Uff Da! Uber, Lyft to Stay in Minnesota
Wolt launches double orders, Target misses target, delivery ordering trends
It’s another big week for gig work policy… with a compromise in MN perhaps serving as a vanguard for other debates in CA and WA. Plus, we’ve got international product launches, new trends to gawk at and a hot mess at Target. Read on!
This week’s edition is brought to you by Nickelytics.
Today:
Minnesota, TNCs Reach Compromise
Wolt Double Orders Go Live in Finland, Israel
Chart Time | The Latest Delivery Trends
A Not So Rosy Target Q1
POLICY | TNCs to Stay in MN After Pay Compromise
Talk about Midwestern nice… after much ballyhooing, the big two TNCs are opting to stay in Minnesota, thanks to changes in state policy.

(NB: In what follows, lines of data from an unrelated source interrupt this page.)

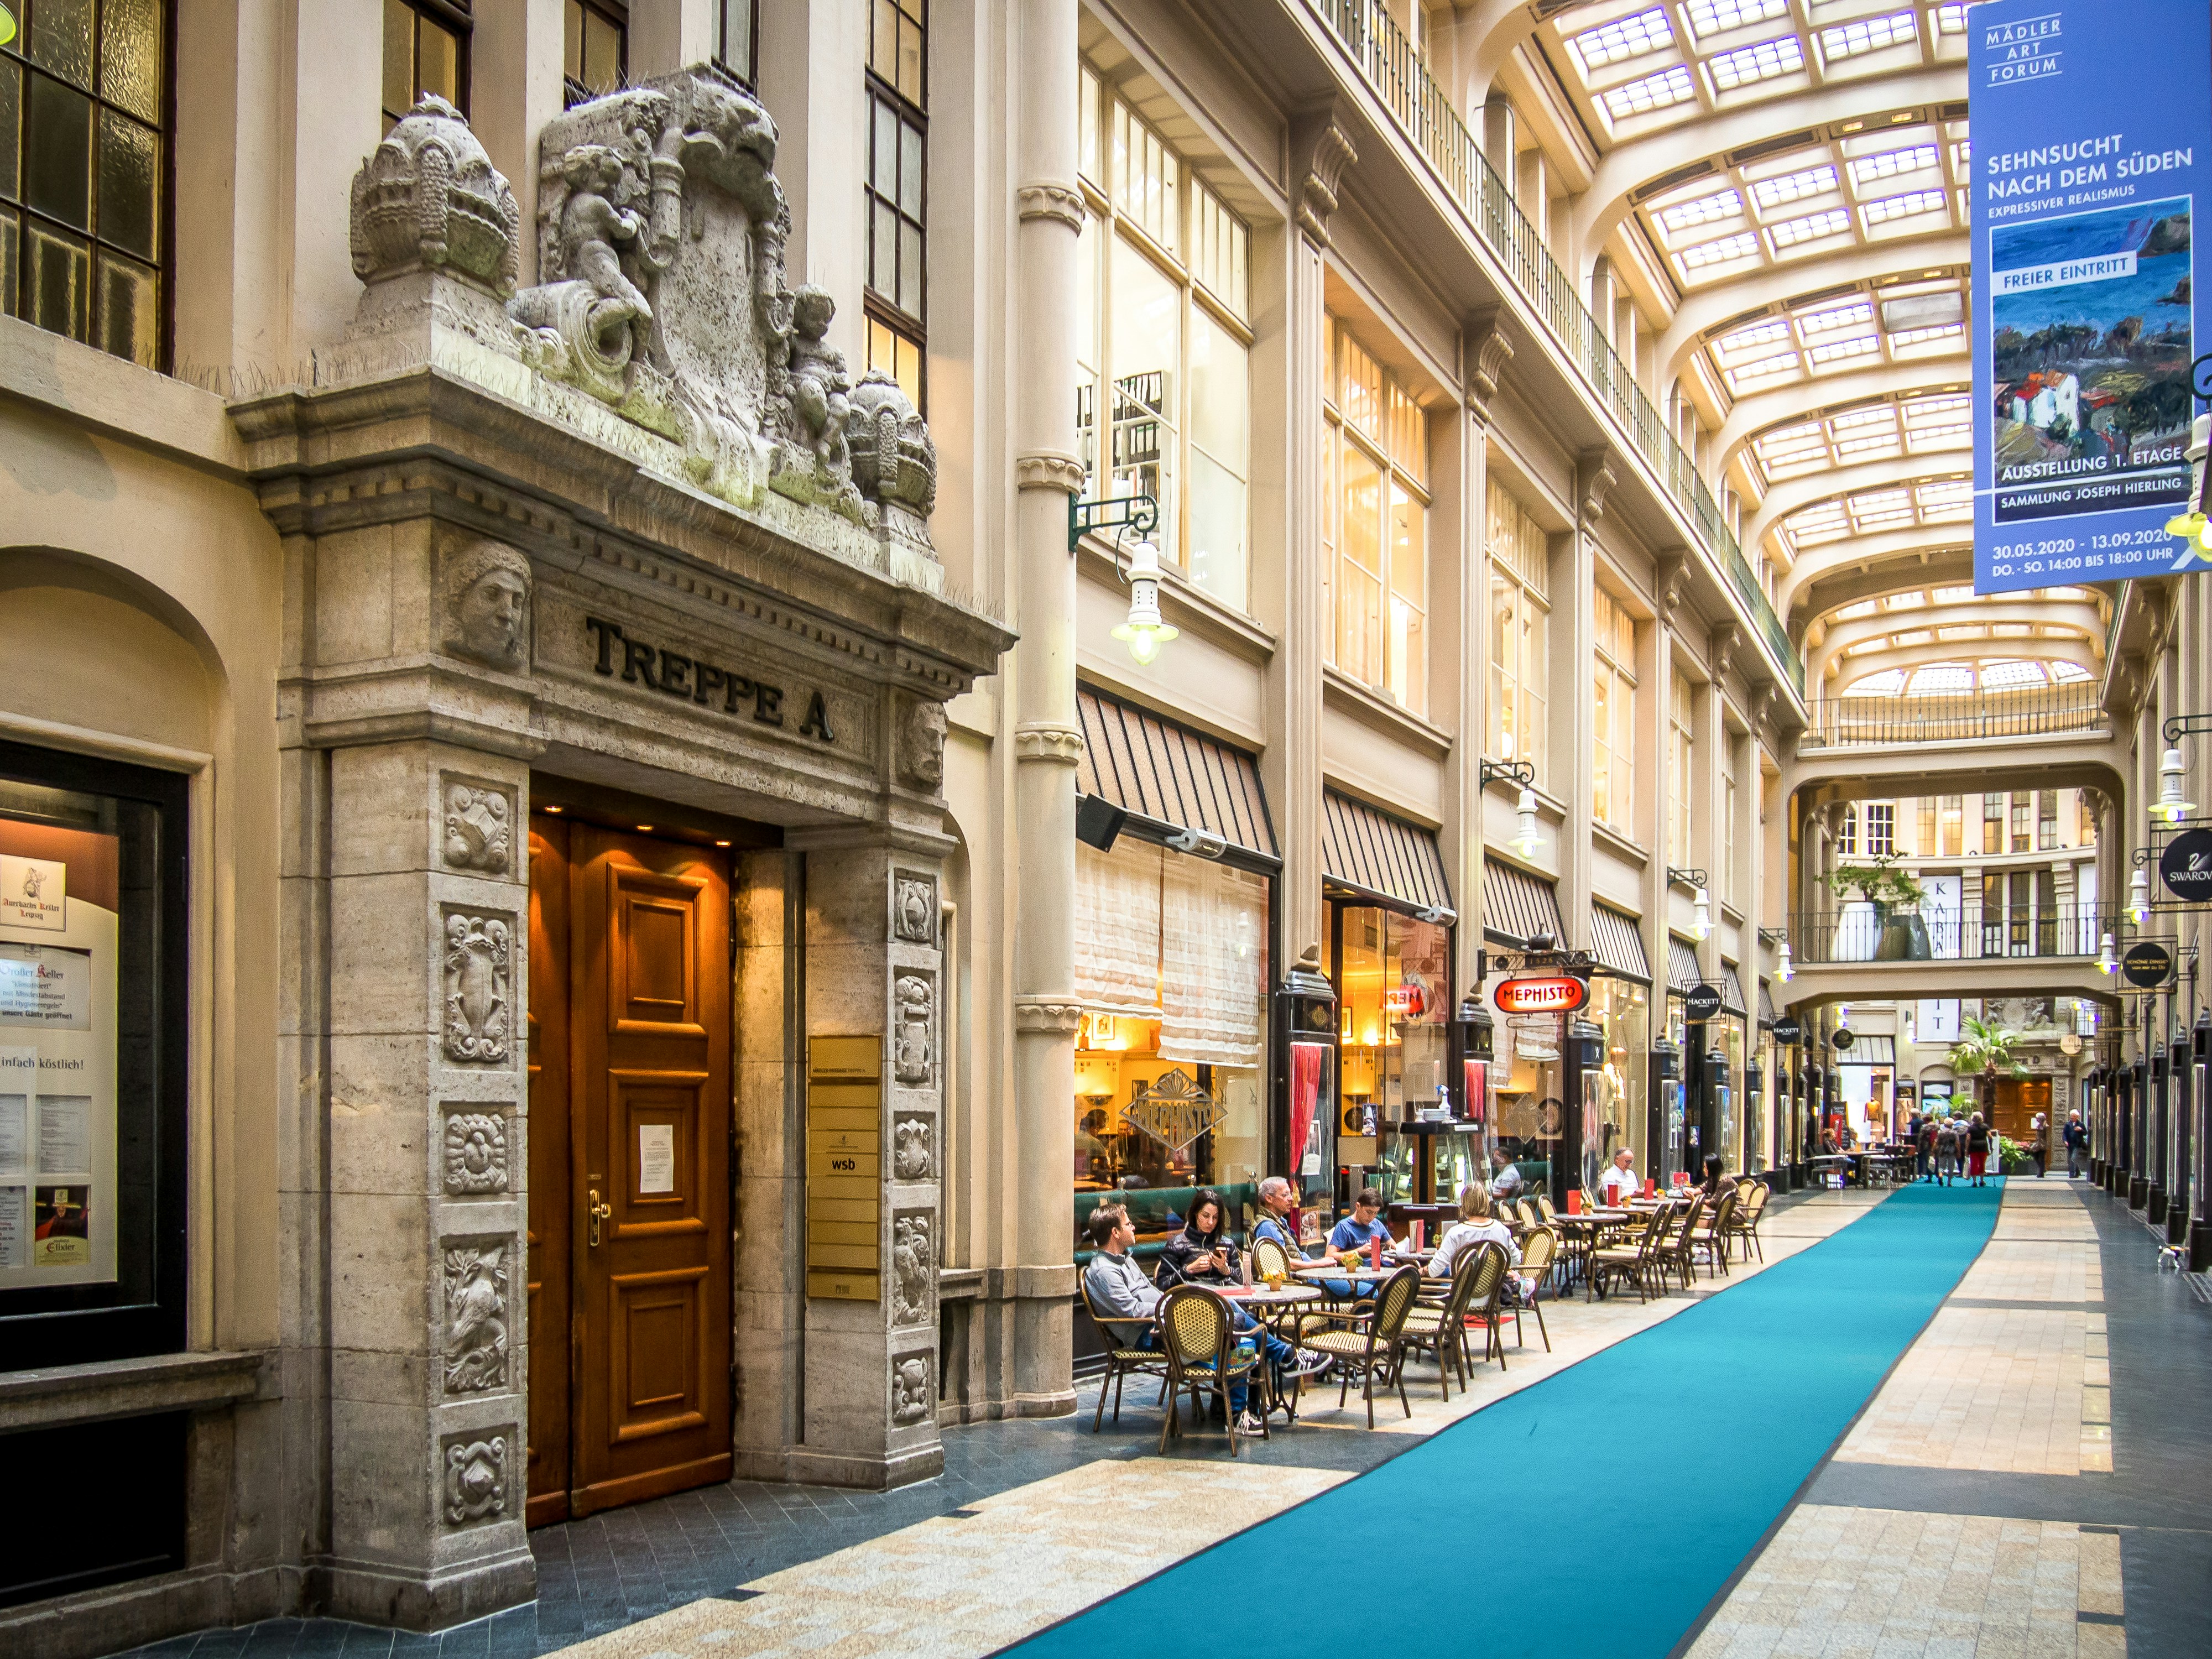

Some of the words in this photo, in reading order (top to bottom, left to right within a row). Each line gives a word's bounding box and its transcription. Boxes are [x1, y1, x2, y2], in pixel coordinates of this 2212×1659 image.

[1986, 19, 2061, 46] MÄDLER
[2007, 42, 2041, 60] ART
[1991, 58, 2056, 82] FORUM
[1988, 133, 2123, 175] SEHNSUCHT
[1988, 174, 2050, 201] NACH
[2060, 163, 2107, 188] DEM
[2116, 148, 2193, 178] SÜDEN
[1989, 196, 2063, 219] EXPRESSIVER
[2068, 185, 2135, 206] REALISMUS
[2004, 269, 2053, 288] FREIER
[2060, 258, 2128, 280] EINTRITT
[2001, 456, 2107, 481] AUSSTELLUNG
[2115, 454, 2126, 468] 1.
[2133, 446, 2182, 466] ETAGE
[2001, 489, 2072, 509] SAMMLUNG
[2075, 484, 2121, 500] JOSEPH
[2125, 478, 2182, 493] HIERLING
[1992, 539, 2074, 560] 30.05.2020
[2091, 529, 2173, 549] 13.09.2020
[1992, 564, 2015, 577] DO.
[2024, 561, 2045, 573] SO.
[2048, 556, 2081, 571] 14:00
[2085, 554, 2104, 567] BIS
[2108, 550, 2142, 564] 18:00
[2146, 547, 2173, 560] UHR
[586, 616, 784, 726] TREPPE
[799, 690, 834, 740] A
[2170, 871, 2212, 882] SWAROV
[36, 964, 64, 979] Keller
[1504, 987, 1575, 1003] MEPHISTO
[39, 1057, 84, 1070] köstlich!
[1138, 1100, 1212, 1145] MEPHISTO
[832, 1157, 856, 1170] wsb

MN’s new pay law is a compromise, offering drivers $1.28 per mile and $0.31 per minute, similar to the recommendations from an earlier state report, way up from what drivers were earning earlier, and also markedly down from the rate Minneapolis was trying to impose: $1.40 per mile and $0.51 per minute. The part of the law that makes the TNCs happy is that it overrules any cities from passing further pay increases, although with 95% of trips happening in the Minneapolis-St. Paul region, it’s safe to say that the apps weren’t all too worried about new policies popping up in Funkley (population: 12.)
The Big Picture: Is compromise the name of the game with gig pay laws this year? Over in California, the state Supreme Court seems hesitant to overturn Prop 22, the voter initiative that established a “meet in the middle” approach to gig worker pay and benefits. (Although the court may at least strike the portion of the law that requires a seven-eights majority to amend it.) Up north in Seattle, change is in the air as well, as the city council appears likely to undo its PayUp legislation, which only went into effect in January, and gave gig workers a host of new protections and raises. Among other changes, CB 120775 would reduce gig worker pay from 75 cents to 34 cents per mile. (Check out our earlier, in-depth coverage of PayUp.)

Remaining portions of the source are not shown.